Wednesday 11 April 2012

On Literary Agents

Let me take you on a journey. It's 2002 and I've just submitted my lovingly crafted manuscript to five literary agents. I don't really know what I'm doing, of course, so I've picked them out more or less at random. Less than two weeks later and my mobile trills. It's one of them, bubbling, champing at the bit, not just excited about my novel, but also the fact that, as a professional performer, I will be brilliant at promoting it across the UK and...wait for it...globally. Yes, this was what the lady told me during our first conversation. Oh, and we're not talking about some grubby, pay-us-for-reading-your-MS, back street, fly-by-nights; we're talking J K Rowling's agents.

Well that was bloody easy. Wasn't this agent business supposed to be a nightmare? Shouldn't you endure 82 rejections before you get even a tickle? I mean, even the saintly J K got rejections.

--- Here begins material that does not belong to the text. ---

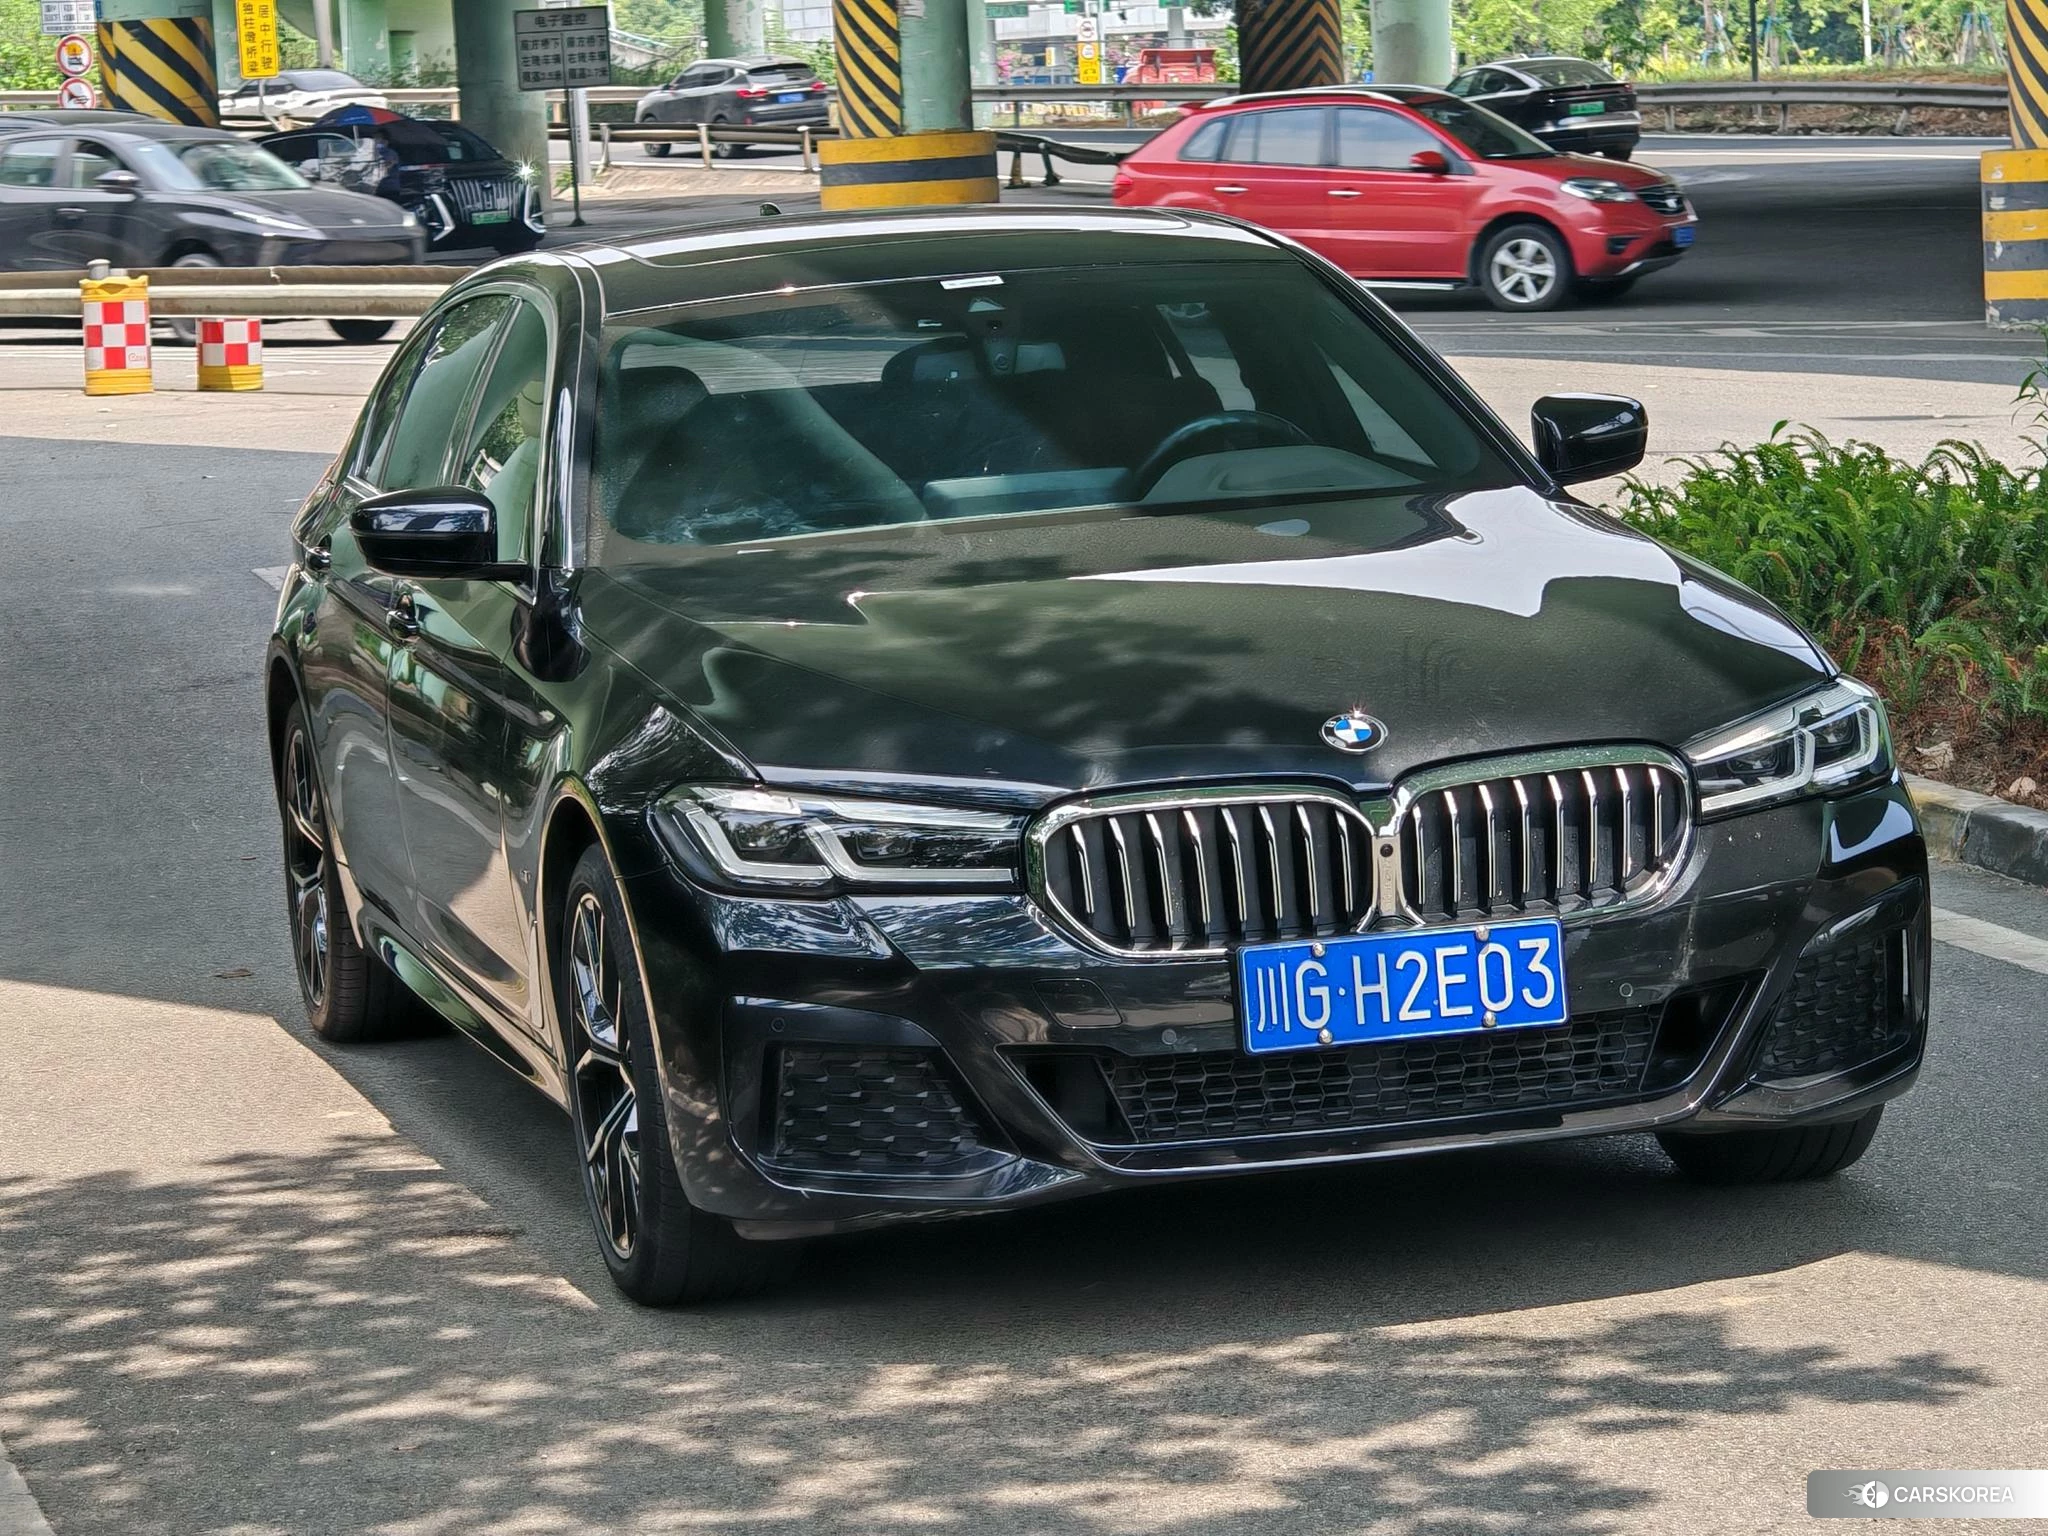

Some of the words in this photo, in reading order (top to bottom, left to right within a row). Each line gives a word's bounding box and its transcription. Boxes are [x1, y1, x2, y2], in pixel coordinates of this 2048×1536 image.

[259, 4, 273, 70] 居中行驶
[534, 12, 589, 28] 电子监控

There was a catch, of course, but a smallish one, I thought. They wanted me to work with one of their editors to get the MS into shape before formally signing me up and submitting it to the major publishers. Well why not? They're the pros, they know what sells. Undoubtedly, many of their comments were valid - my female protagonist was too male, too hard - and some of the structuring needed tweaking. I re-submitted the draft but was then asked to soften the protagonist further. Because they'd missed my point. She was meant to be strident, someone whose independence and fuck-you attitude masked her emotional instability and desperate craving to be loved. They wanted her to be a timid, emotionally together, run-of-the-mill office worker who somehow goes off the rails. Boring.

Well what would you have done? My guess is that you - and, indeed, any sane person - would have done whatever they told you to do. J K Fucking Rowling's agents!!! Come on! Key to the door. Well not me, thank you very much. No, I stood by my artistic principles, told them they didn't understand the book, and walked away. What. A. Fucking. Wanker.

A couple of the other agents expressed an interest but it went no further and, two years later in a fit of narcissistic pique, I published it myself through Matador. Turned out I was pretty good at selling the book - I shifted 400 on the back of some local radio interviews, personal appearances and good reviews, but it was all after the event and half-hearted. Chance missed.

That book was a psychological thriller. But I'm a comedian and thought my next attempt at novel writing should be something within my natural genre. So Song In The Wrong Key was born, the story of a middle-aged man whose idyllic family life falls apart when he's made redundant. Redemption is achieved via his serendipitous selection as the UK's Eurovision Song Contest entrant. It's probably best described as an edgy romcom, with the emphasis on com.

And so on to another ridiculous dance with the agents. I submitted it to 6 of them, and three responded asking for the full MS. A good hit rate, apparently. A fourth didn't bother with all that. He wanted to sign me. I'd only applied to him because he accepted MSs via email, which saves a lot of bother, as well as photocopying and postage costs. And I was flattered - or, to put it another way, still being a fucking wanker. He was an established agent, but one with a conspicuously thin roster of fiction writers. To cut a long story short, it didn't work out. My feeling is that his contact list amongst the fiction publishers numbered no more than two or three. When they didn't take the bait, there was nowhere else to go.

So I left him. Now I've published the book through my own company, Lane & Hart. I've had it professionally typeset and the cover professionally designed. I've engaged a top class PR agent and we're lining up radio and press interviews and personal appearances. I've run a giveaway on Goodreads (745 people applied) and will do another. I uploaded it to Kindle and have been receiving sparkling 5 star reviews (likewise on Goodreads). Would I rather have done all this through traditional channels - an agent championing my book, a top publisher with a serious marketing budget, top chains stocking it etc? Of bloody course. But that all takes patience and a thick hide, neither of which I possess. Yes, you can earn more money per unit by selling on Kindle, but that's not what this is about. Writers need validation and, as much as I value and appreciate the reviews of the handful of readers who've bought the book so far, a traditional deal would open my work up to a vast readership and set me along the path I really want to follow, that of an established author with an established readership who can't wait for my next book. It might come to that one day, but my guess is that it's more likely to happen if an agent and a traditional publisher pick up the reins from here. Well come on. What are you waiting for?